(Saved data entries)
┏━━

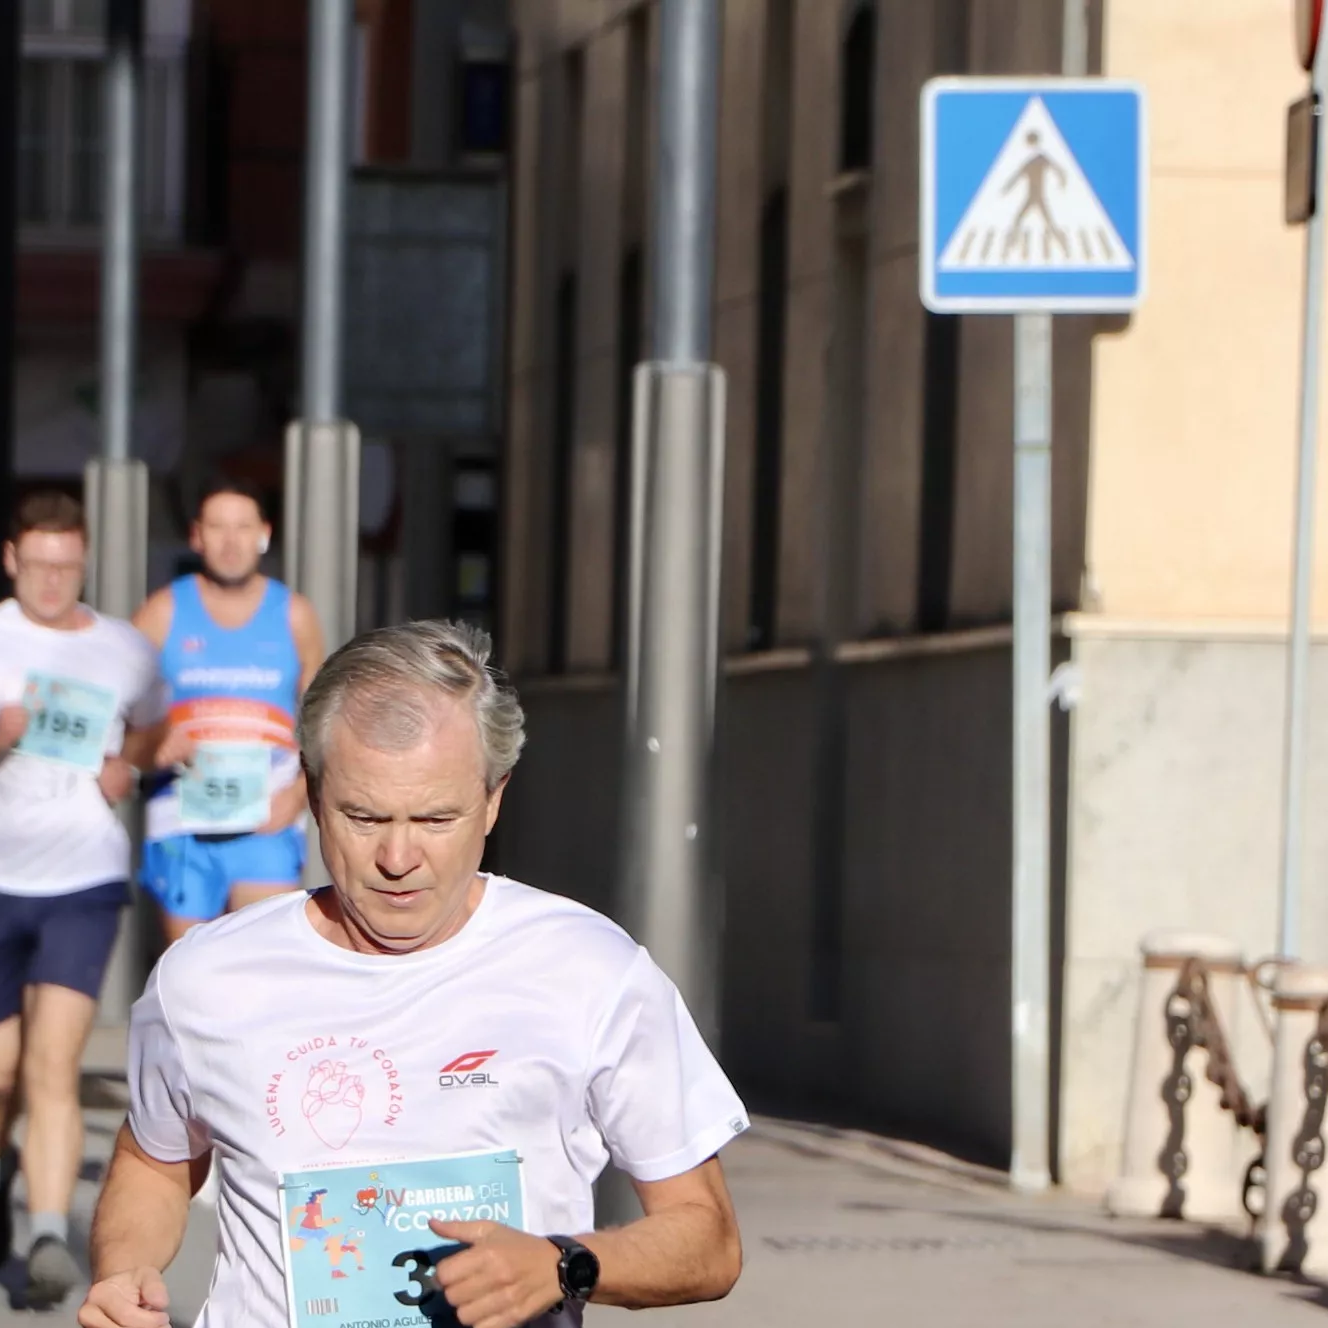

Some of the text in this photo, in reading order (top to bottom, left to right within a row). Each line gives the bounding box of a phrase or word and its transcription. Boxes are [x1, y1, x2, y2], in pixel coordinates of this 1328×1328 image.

[37, 709, 89, 742] 195
[287, 1036, 337, 1061] CUIDA
[350, 1037, 368, 1049] TU
[373, 1049, 403, 1126] CORAZÓN
[385, 1182, 508, 1207] IV CARRERA DEL

┗━━

[YOUR ASSIGNMENT] Exactly as written, reproduce all of the entries while dropping the pictures.

[OUTPUT]
Some of the text in this photo, in reading order (top to bottom, left to right within a row). Each line gives the bounding box of a phrase or word and its transcription. Boxes are [x1, y1, x2, y2], in pixel coordinates of this 1328×1328 image.

[37, 709, 89, 742] 195
[287, 1036, 337, 1061] CUIDA
[350, 1037, 368, 1049] TU
[373, 1049, 403, 1126] CORAZÓN
[385, 1182, 508, 1207] IV CARRERA DEL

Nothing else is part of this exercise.